40 Then there will be two men in the field; one will be taken and one will be left.
41 Two women will be grinding at the mill; one will be taken and one will be left. Matthew 24:37-41
- At the time of Noah who was taken away?
- What was the behavior of those who were taken away at the time of Noah?
- Why do you think they were taken away at the time of Noah?
- Why do you think Noah was left?
- Given the context of the days of Noah, of the two men in the field who do you think will be taken away and why will they be taken?
- If those who are left are like Noah, how would you describe their way of living?
7. Why do you think God would leave them in times of great tribulation?
Taking a verse out of context can lead to misunderstanding. “One will be taken and the other left” in Matthew 24:40 (repeated in Matthew 24:41) appears in the context of Yeshua likening a future event to the prophetic symbolism of Noah and the flood.

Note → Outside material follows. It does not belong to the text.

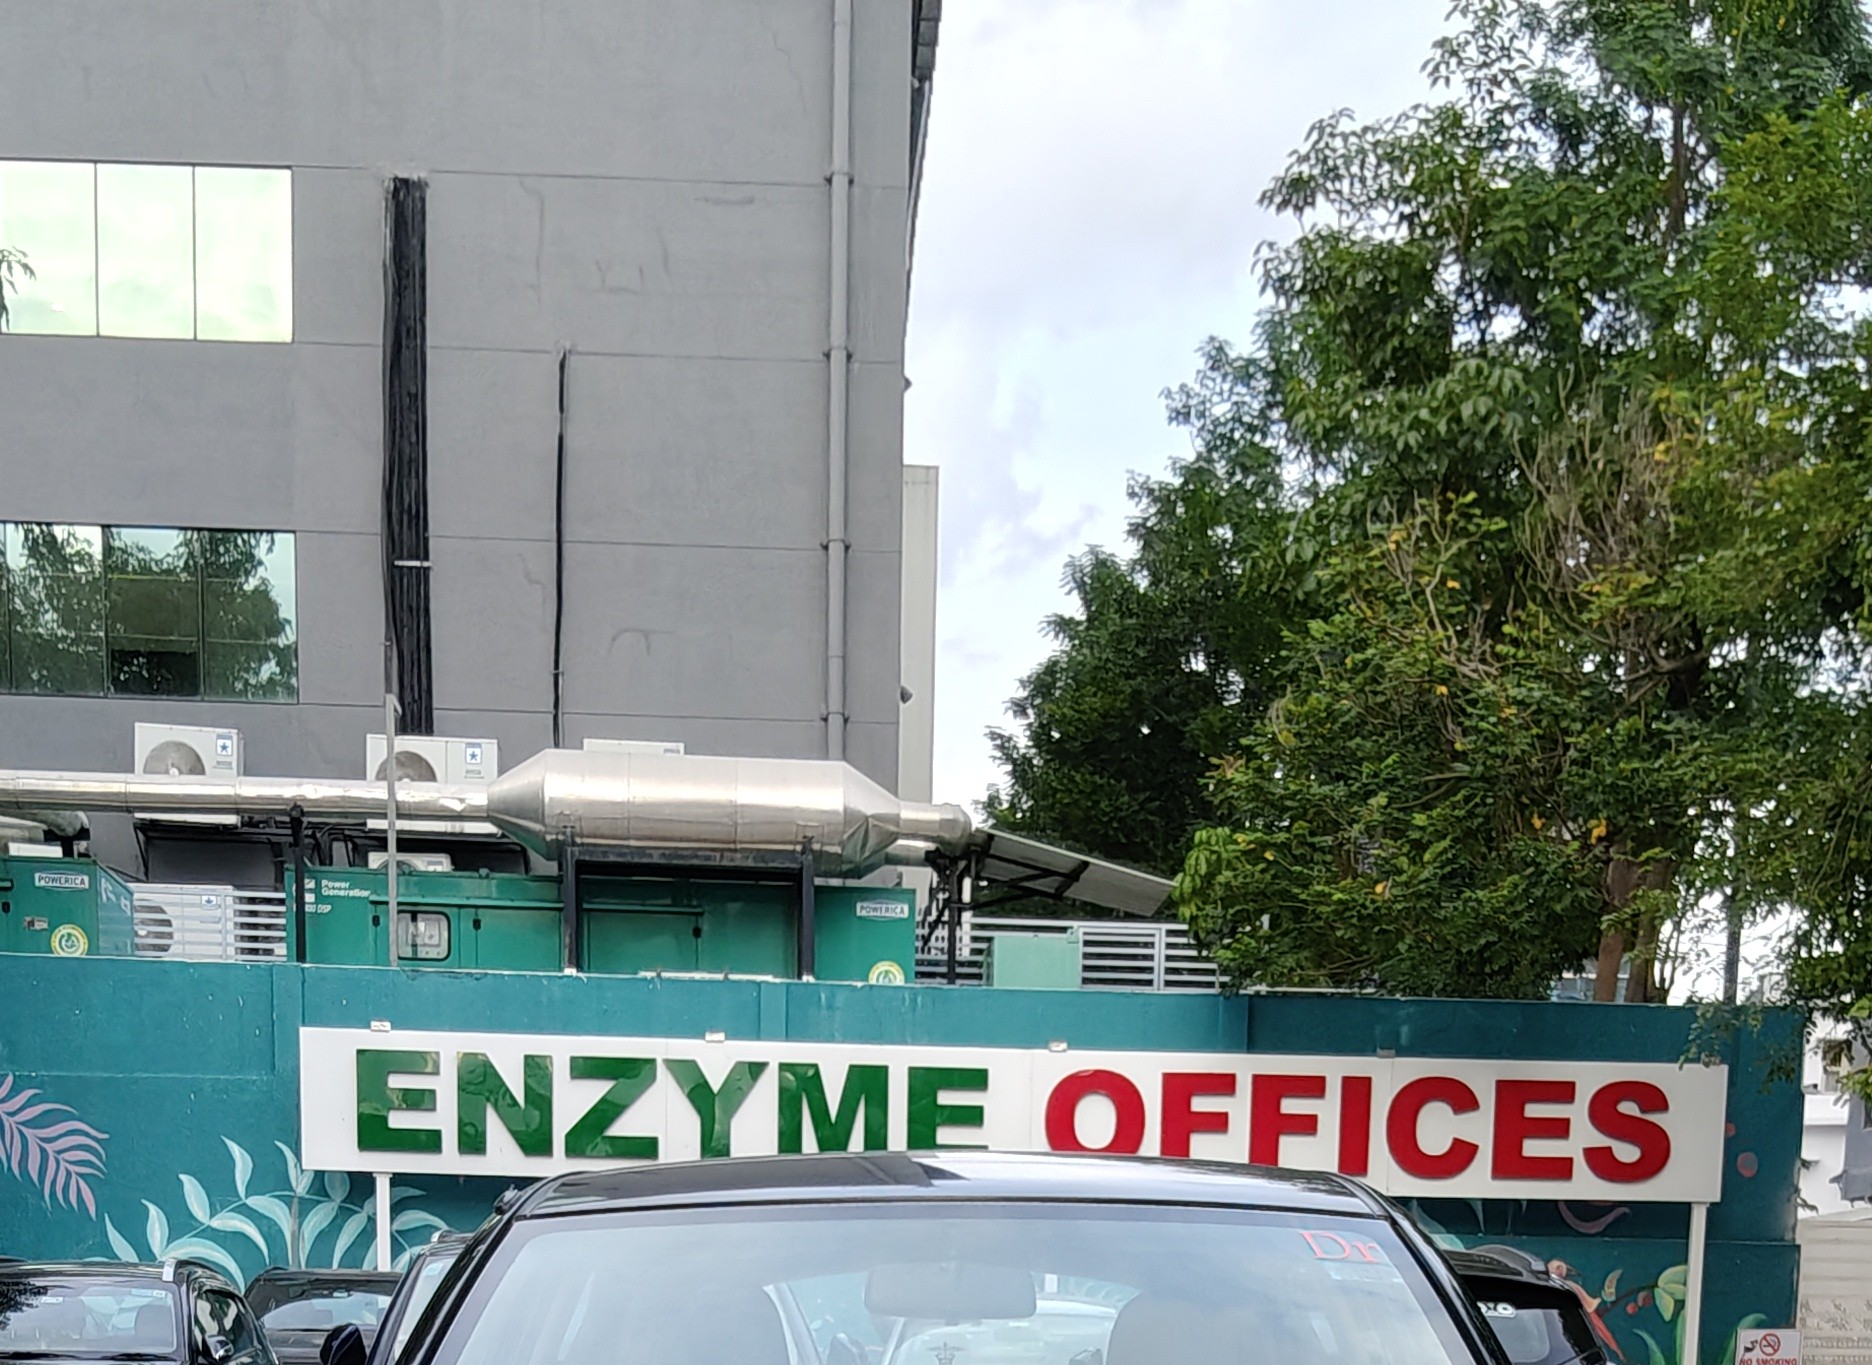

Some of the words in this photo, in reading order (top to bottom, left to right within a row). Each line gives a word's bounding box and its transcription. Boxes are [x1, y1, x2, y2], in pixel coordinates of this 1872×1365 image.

In the Genesis account we learn that “the earth was corrupt in the sight of God, and the earth was filled with violence” (Gen. 6:11). Noah, on the other hand, “did according to all that the Lord had commanded him,” which is a description of righteous behavior (Gen. 7:5). In fact, God tells us that “Noah was a righteous man, blameless in his time; Noah walked with God” (Gen. 6:9). Noah’s righteousness is apparently why God delivered Noah and his family from the devastation of the flood, so Noah and his family were “left” and all the others were “taken” by the flood.
This understanding is important in our study because Noah is the first remnant identified in Scripture. “Noah was left, together with those that were with him in the ark” (Gen. 7:23). The word translated “left” is שָׁאַר (shaar) meaning to be left as a survivor; this word is often used in Scripture to describe the remnant (see, for example, Gen 45:7; Neh 1:3).
Considering “one will be taken and the other left” in its context, which is Yeshua likening a future event to Noah and the flood, is probably sufficient evidence to eliminate this verse as evidence for the rapture theory. This popular theory concludes that all believers in Christ will be taken up to heaven (raptured) like the ones who were “taken” in Matthew 24:40-41. However, there is another relevant verse in Zechariah that we should consider and to which the author of Matthew may have been referring.
I will gather all the nations against Jerusalem to battle, and the city will be captured, the houses plundered, the women ravished and half of the city exiled, but the rest of the people will not be cut off from the city. Zech 14:2
The Hebrew word translated “rest” is another word used for the remnant, which isיֶתֶר
(yeter) meaning what remains or is left over. In this verse in Zechariah, the devastation sounds prophetic of the coming Great Tribulation. Then we hear that those who will be “left” will not be cut off from the city, that is, they will remain. The term “cut off” refers to separation from God, and Jerusalem is the city where God resides, so those who are left will not be separated from God in His holy city. All the others will go into exile (separation from God), which seems to be an echo of the Noah account. Noah and his family were “left” and all the others were “taken” by the flood.
We must now ask why God will request that the remnant, those who are righteous in His eyes, must remain to endure the tremendous suffering of the Great Tribulation. I think the answer will be obvious for those who are dedicated and faithful servants of the Lord. God will need them to witness His love in the face of Satan’s evil.